The new legacy sequel, in a long line of recent failures (see also Star Wars, the Terminator, Matrix), this is a film that’s strictly a fan service feast. In the 2002 film, the Ghostface murderer returns in a self-deprecating, slasher sequel that’s woefully short on horrors. Instead of recoiling from the horror, most of the audience is likely to merely laugh out loud at Scream’s 25th anniversary relaunch. The original cast reprises their roles as supporting characters for a fresh set of smarmy teen victims, and the film makes light of horror genre stereotypes while also mocking the “Stab” franchise, which was based on the Woodsboro murders.

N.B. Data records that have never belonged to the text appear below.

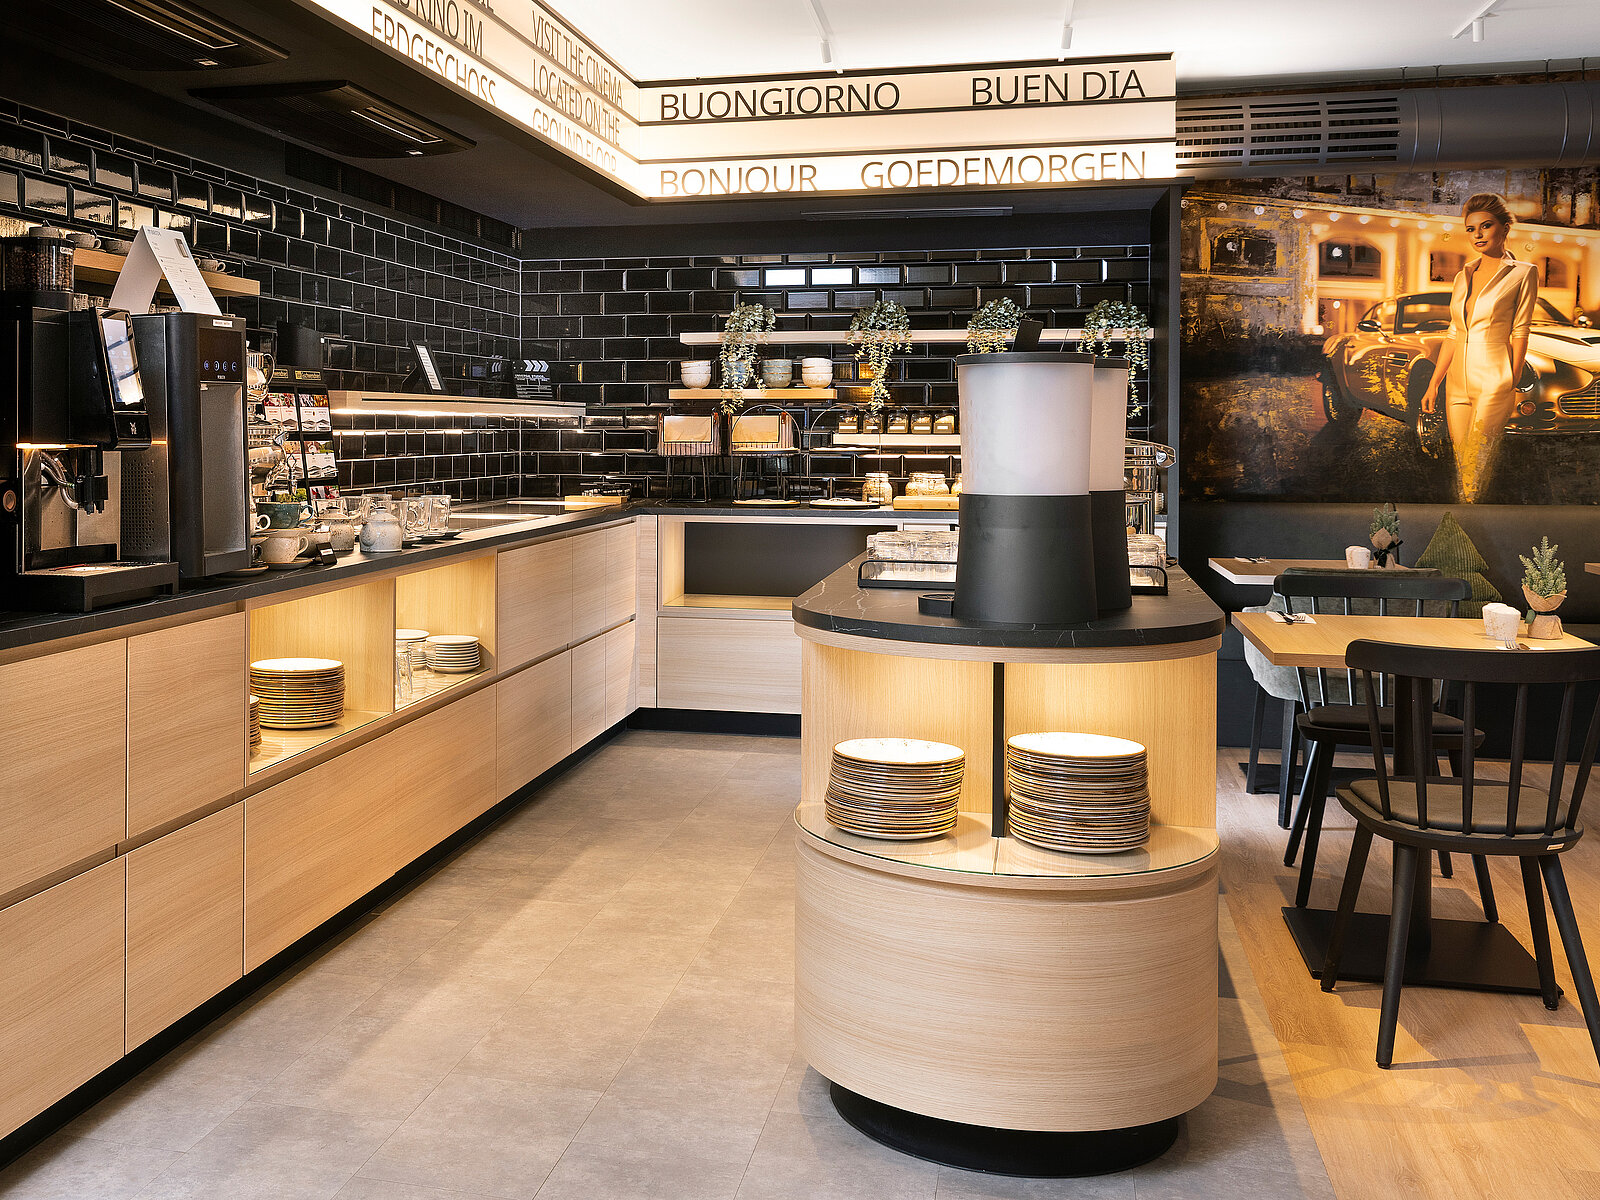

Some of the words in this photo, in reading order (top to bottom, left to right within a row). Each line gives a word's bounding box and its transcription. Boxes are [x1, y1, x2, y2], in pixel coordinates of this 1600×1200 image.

[372, 6, 496, 106] ERDGESCHOSS
[463, 9, 483, 58] IM
[532, 10, 561, 61] VISIT
[563, 35, 584, 80] THE
[586, 55, 622, 108] CINEMA
[534, 59, 582, 120] LOCATED
[585, 97, 601, 133] ON
[603, 108, 620, 147] THE
[661, 81, 900, 120] BUONGIORNO
[972, 72, 1068, 106] BUEN
[1082, 69, 1146, 100] DIA
[661, 164, 817, 195] BONJOUR
[861, 151, 1146, 188] GOEDEMORGEN

While this witty technique works up to a point, it soon becomes ridiculous, although anyone that goes for gory and savage knife strikes, then Scream (2022) will satiate your bloodlust.
Scream enjoys making fun of itself and other horror movies. Ghostface is a huge admirer of the “Stab” franchise and uses it to tease his victims. The Generation Z supporting cast is always talking about horror classics, recent genre hits, and what went wrong with the failed “Stab” sequels, but if these teenagers are self-proclaimed horror specialists, why do they act like lambs to their own slaughter?
The script by James Vanderbilt and Guy Busick is witty initially, but then they milk it with inane chatter. In fact, the meta references get so bad, that eventually you want this clique of irritating commentators to just shut up and die. Legendary director Wes Craven knew how to make laughs work and the frightening shocks work, but these replacement directors don’t.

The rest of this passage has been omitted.